A study on the performance evaluation of computer-aided diagnosis for detecting pulmonary nodules for the various CT reconstruction
The purpose of this study was to evaluate the performance of computer-aided diagnosis (CAD) system detecting pulmonary nodules for the various CT image qualities of the low dose CT cancer screening. Sixty three chest examinations with sixty-four pulmonary nodules consisting mainly ground-glass opacity (GGO) were used. All the CT images were acquired by using a multi-slice CT scanner Asteion with 4 detector rows system (Toshiba Medical Systems, Japan) with 0.75-second rotating time and 30mA. After the examination, CT image reconstructions were performed for every CT data set using seven reconstruction kernels and three sorts of slice thickness. Totally twenty-one data sets for a patient, namely 1323 data sets with about 60 thousands CT images which is 30.1GB data sets were investigated. Nodule detections were carried out using a computer-aided diagnosis system developed by Fujitsu Ltd, Japan. The mean nodule size was 0.69±0.28 (SD)[cm](range, 0.3-1.7cm).

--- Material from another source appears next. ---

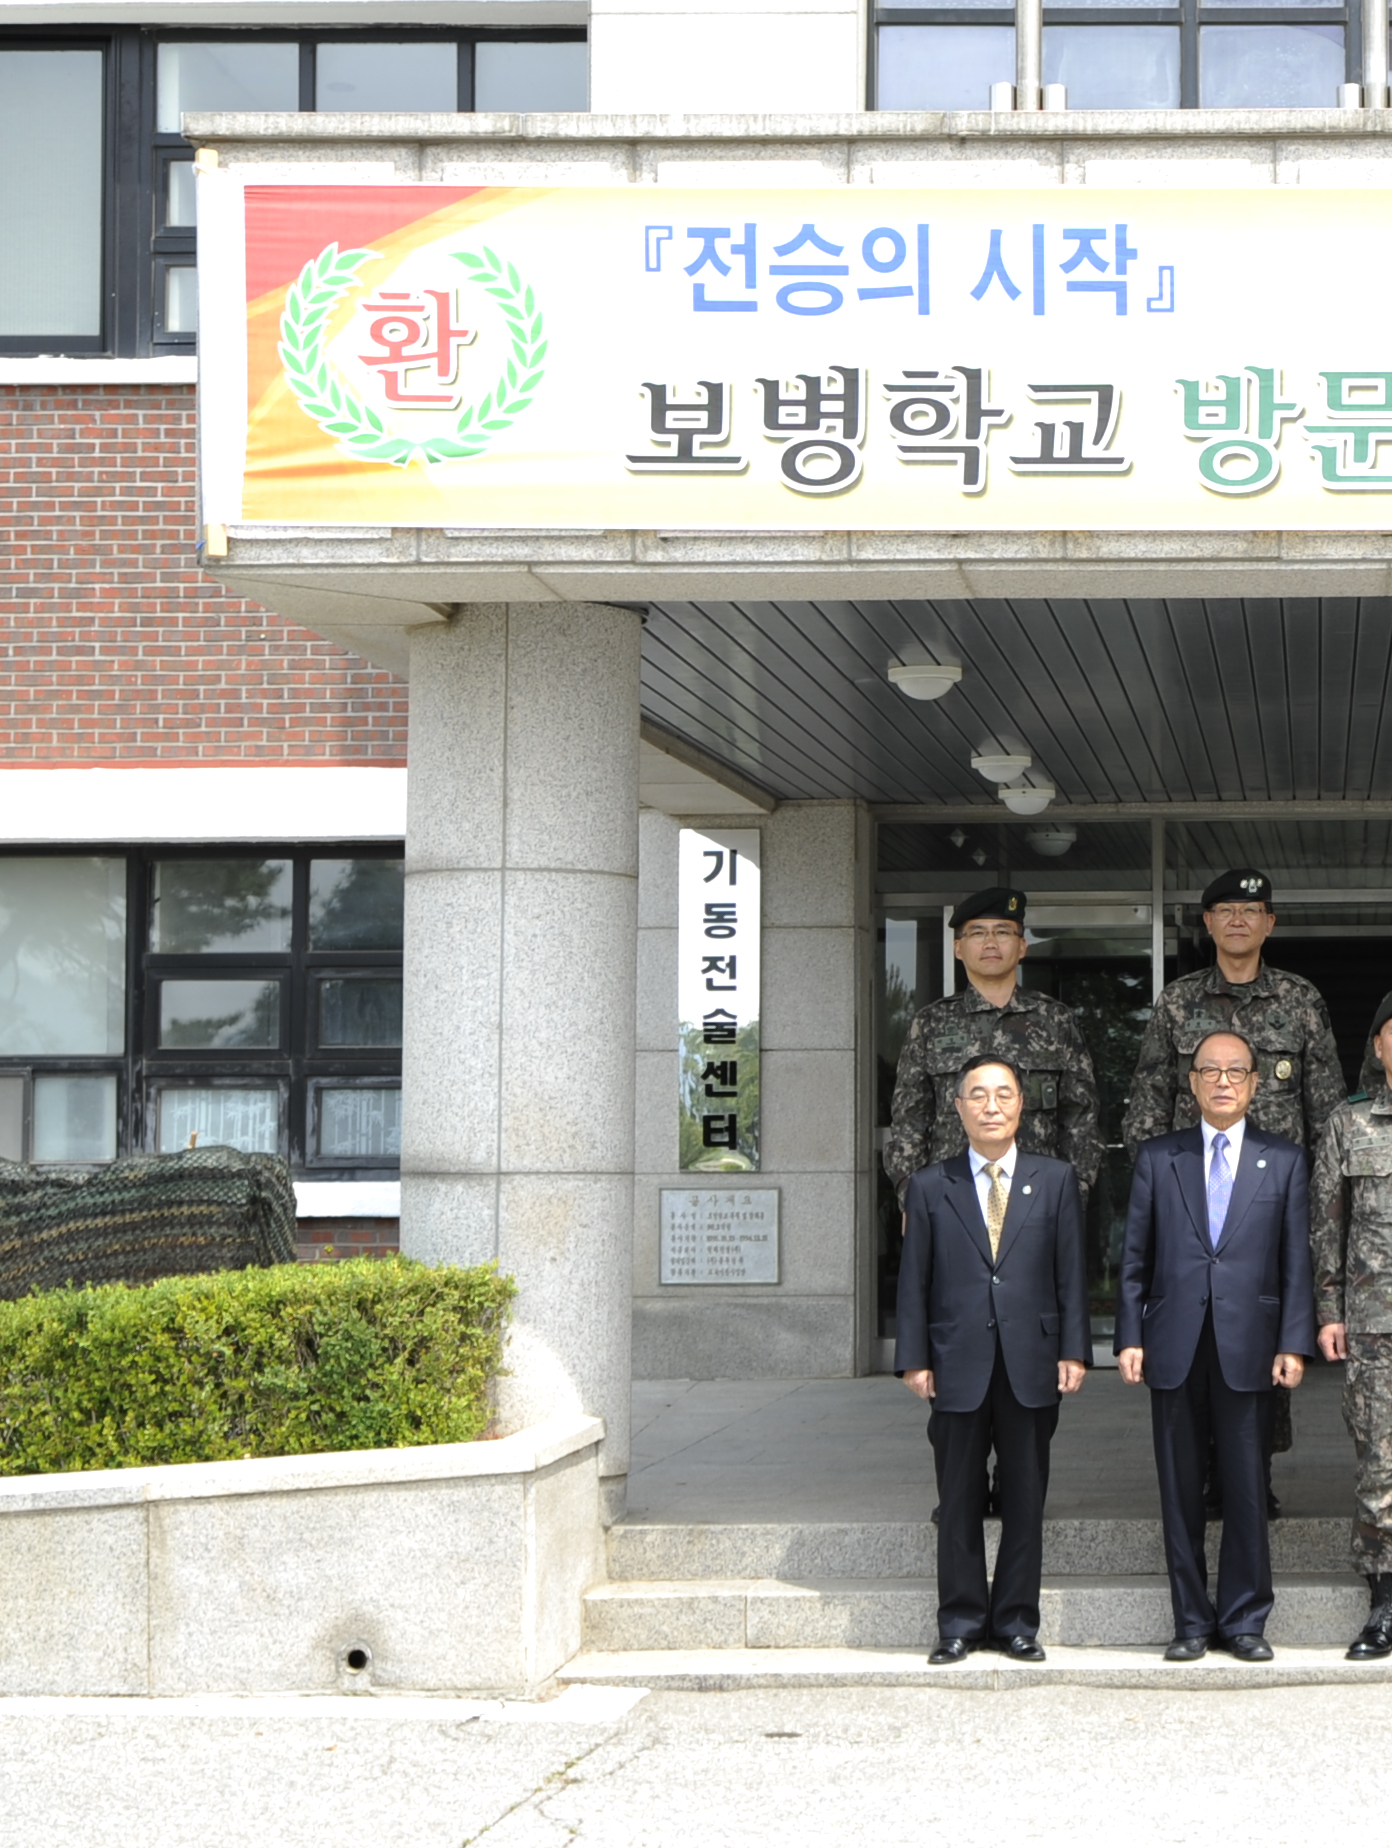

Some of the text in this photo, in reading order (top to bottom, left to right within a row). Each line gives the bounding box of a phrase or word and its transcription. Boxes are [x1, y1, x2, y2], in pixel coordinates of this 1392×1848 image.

The CAD system identified 42 to 48 nodules out of the 64 nodules, in the slice thickness of 8mm for the seven reconstruction kernels, yielding a true-positive rate (TPR) of 65% to 75%. In the slice thickness of 5mm our CAD system indicates a TPR from 70% to 80%. In the slice thickness 10mm, TPR were resulted from 50% to 64%. Some kernel indicated relatively high TPR with high FP, other kernel showed high sensitivity with relatively low FP. CT image data sets with multi-reconstruction conditions is useful in assessing the robust characteristics of a CAD system detecting pulmonary nodule by multi-slice low dose CT screening.